Almost all of Vancouver is low risk for liquefaction except the False Creek Flats, including the existing site.
We request that this rezoning not be approved until the fundamental issue is addressed: that the False Creek Flats is a completely inappropriate location for a critical emergency response hospital in a major urban centre.
Larry Benge, Co-Chair
Dorothy Barkley, Co-Chair
On behalf of the Coalition of Vancouver Neighbourhoods
Member Groups of the Coalition of Vancouver Neighbourhoods
Arbutus Ridge Community Association
Arbutus Ridge/ Kerrisdale/ Shaughnessy Visions
Cedar Cottage Area Neighbours
Downtown Eastside Neighbourhood Council
Dunbar Residents Association
Fairview/South Granville Action Committee
False Creek Residents Association
Grandview Woodland Area Council
Greater Yaletown Community Association
Joyce Area Residents
Kitsilano-Arbutus Residents Association
Kits Point Residents Association
Marpole Residents Coalition
NW Point Grey Home Owners Association
Oakridge Langara Area Residents
Residents Association Mount Pleasant
Riley Park/South Cambie Visions
Shaughnessy Heights Property Owners Association
Strathcona Residents Association
Upper Kitsilano Residents Association
West End Neighbours Society
West Kitsilano Residents Association
West Point Grey Residents Association
Additional Reference Documents
Staff report page 27: https://council.vancouver.ca/20191001/documents/p13.pdf
Hospitals are considered critical infrastructure, essential to the functioning of communities day-to-day, and vital during and after disasters. This new hospital presents an important opportunity for a state-of-the art facility built to withstand inevitable hazards. Given that the New St. Paul’s Hospital is located in a flood plain and high-risk seismic and liquefaction zone, staff have provided conditions requiring comprehensive all-hazard risk and vulnerability assessments be completed, and that climate and seismic resilience measures be incorporated into the design of the building. As part of the conditions, an expert panel will be struck to evaluate the resilience of the design, and report on the post-disaster functionality of the hospital. Recommendations from the panel are not binding, but provide a high level of transparency to the project.

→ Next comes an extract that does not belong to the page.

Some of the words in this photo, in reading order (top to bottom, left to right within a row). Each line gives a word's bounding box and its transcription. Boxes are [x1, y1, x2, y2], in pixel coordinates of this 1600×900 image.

Lab 3: Planning for a Tsunami/ Storm Surge
Currently the new site for St.Paul’s Hospital is sitting within the danger zone. This means that if a tsunami were to hit, the hospital would be affected.
Looking north from the corner of Westminster Ave. (Main St.) & 7th Ave. including the Westminster Ave.

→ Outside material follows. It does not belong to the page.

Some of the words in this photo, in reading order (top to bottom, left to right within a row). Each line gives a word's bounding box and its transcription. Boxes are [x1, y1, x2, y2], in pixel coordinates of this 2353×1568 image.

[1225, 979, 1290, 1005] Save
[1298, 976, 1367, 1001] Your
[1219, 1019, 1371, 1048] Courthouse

Trestle Bridge and False Creek in the background – 1889 or 1890
Proposed St. Paul’s Hospital would be located in the former water east of the Trestle Bridge.
Liquefaction Danger Map: http://blogs.ubc.ca/julianaleungeportfolio/files/2017/04/LiquefactionDangerZones-2.pdf
The report on Liquefaction was done before the St. Paul’s proposal for relocation to the False Cr. Flats.
“Compared to other cities in metropolitan area, we believe that Vancouver city proper is in the best position to withstand the impacts of a deadly earthquake. Other than a few areas, the majority of the city is located within a low risk area. The density map reveals that areas such as downtown are high density areas; but the decreased risk will make mitigation much easier. As well, there are 6 hospitals located in the city; including Vancouver General hospital which is the largest in the metropolitan area. This means there will be a large supply of beds for the city’s residents. However, from what we discovered in our study. Other cities such as in the North Shore, and Coquitlam are similar. However, towards Maple Ridge, there is only one small hospital to support the city where a significant portion of it is in danger zones. Thus we believe doubling or even tripling the size would be a good way to mitigate injuries, and perhaps even construct another hospital.”
This would suggest that St. Paul’s should stay where it is and other underserved regional communities should have replacements.